Whenever any Wi-Fi device (client or AP) transmits a packet, it's technically a "radio broadcast" at the physical layer, because those radio waves go everywhere. They're not getting sent down a dedicated antenna cable or waveguide or other dedicated pipe of some sort that guarantees that no one other than the intended recipient can eavesdrop on it. All clients of the same AP are on the same channel, so every packet transmitted on that channel, by any device, could potentially be heard by other device listening on that channel.

However, at the data-link layer (layer 2), the Wi-Fi packet being transmitted will be addressed to the unique hardware MAC address of the intended recipient. So at that layer we would call it a "unicast". Most devices ignore transmissions that aren't addressed to them, but people could still run sniffers or other network/security analysis tools that record those packets. Some packets are addressed to "multicast" or "broadcast" addresses at layer 2, when the sending device wants multiple other devices to receive the packet. So that latter kind of transmission would be considered a broadcast at both layers 1 and 2 (and probably layer 3 (e.g. IP) as well).

If two devices are connected to a switch (including the typical 4-port gigabit Ethernet switch on the LAN side of most home gateway wireless routers), then the switch looks at the destination MAC address on each packet to decide where to send it. If it's addressed to a unicast MAC address that the switch has already learned is connected to a certain other port, then the switch only forward it to that one port. If it's addressed to a multicast or broadcast address, or if it's addressed to a unicast address that the switch hasn't learned yet, then the switch will send the packet to all other ports.

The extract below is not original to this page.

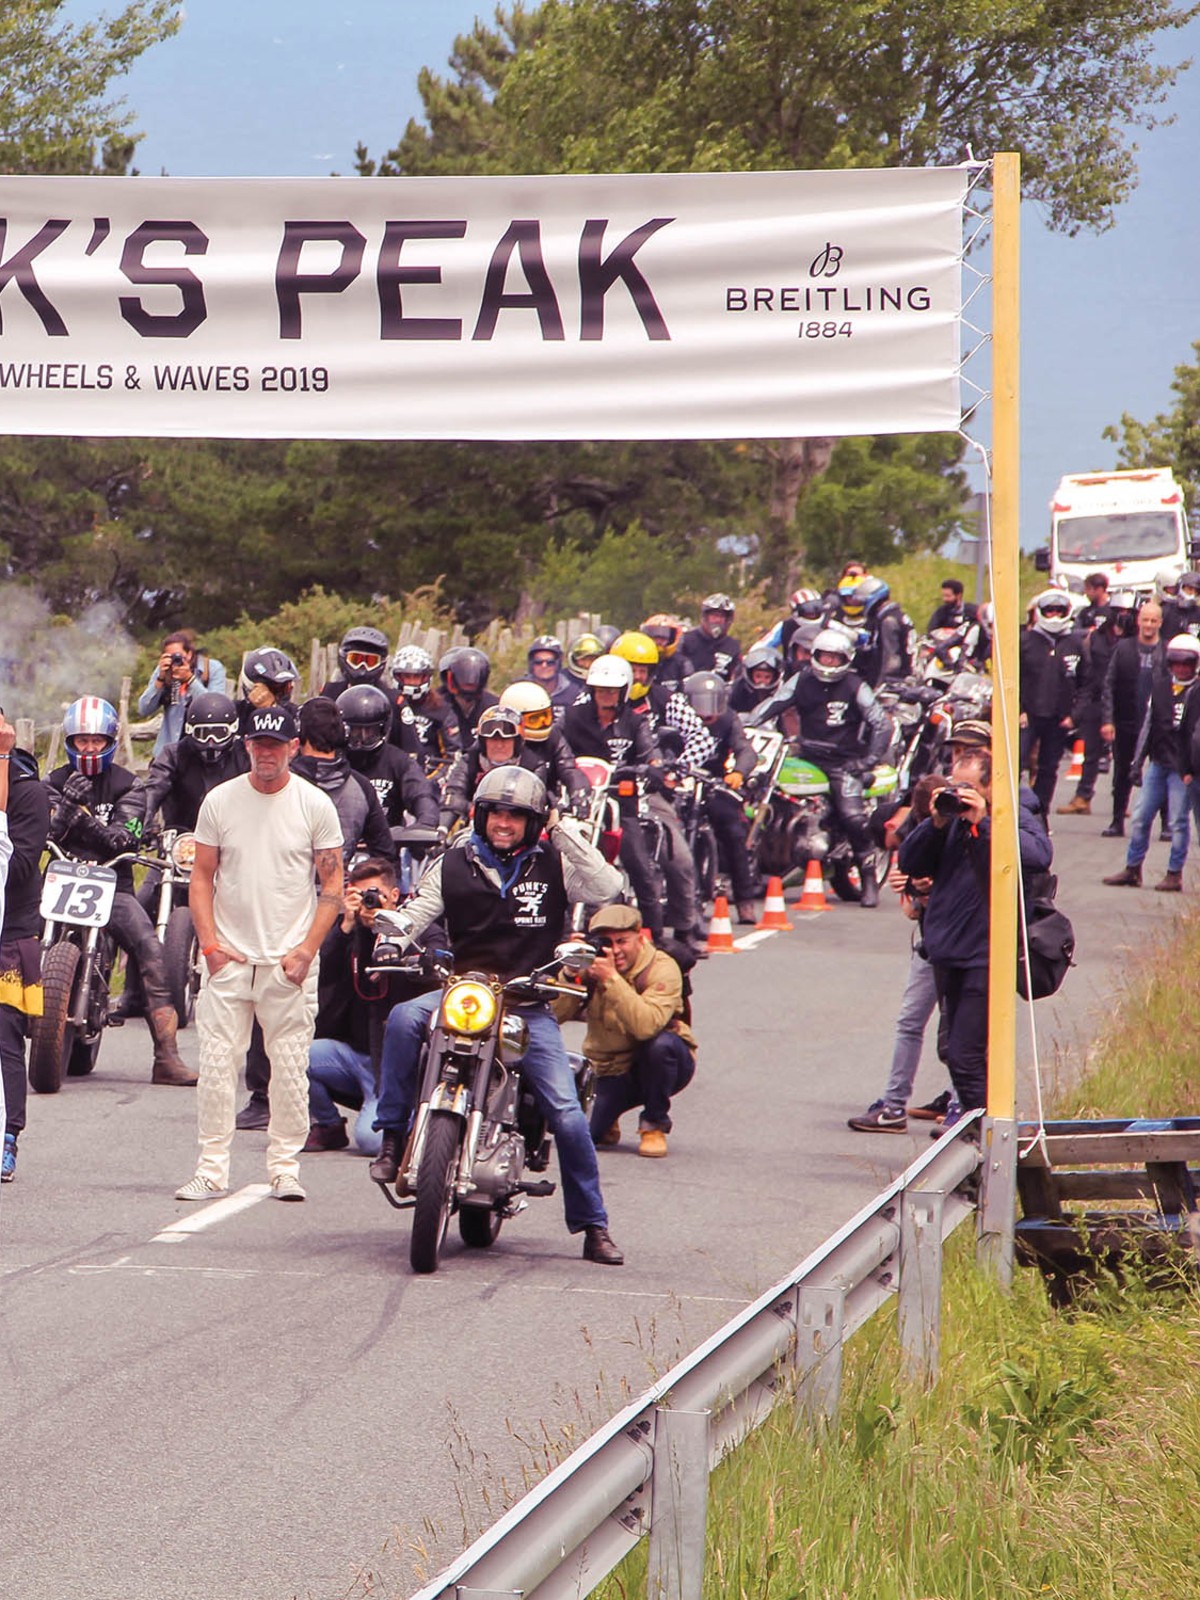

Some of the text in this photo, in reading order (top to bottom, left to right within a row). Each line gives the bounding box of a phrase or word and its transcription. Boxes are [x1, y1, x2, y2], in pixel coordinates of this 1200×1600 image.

If an Ethernet "switch" were to always send all unicast packets to all other ports, then it wouldn't be an actual switch, it would be an older obsolete device known as an Ethernet "hub". Hubs were common with 10 Mbit Ethernet in the early 1990's, and became rare in the days of 100 Mbit Ethernet in the mid-to-late 1990's. Gigabit Ethernet doesn't allow hubs at all (the IEEE 802.3 1000BASE-T gigabit Ethernet standard originally had a provision for gigabit Ethernet hubs, but no one ever shipped one, and that provision was quickly officially deprecated).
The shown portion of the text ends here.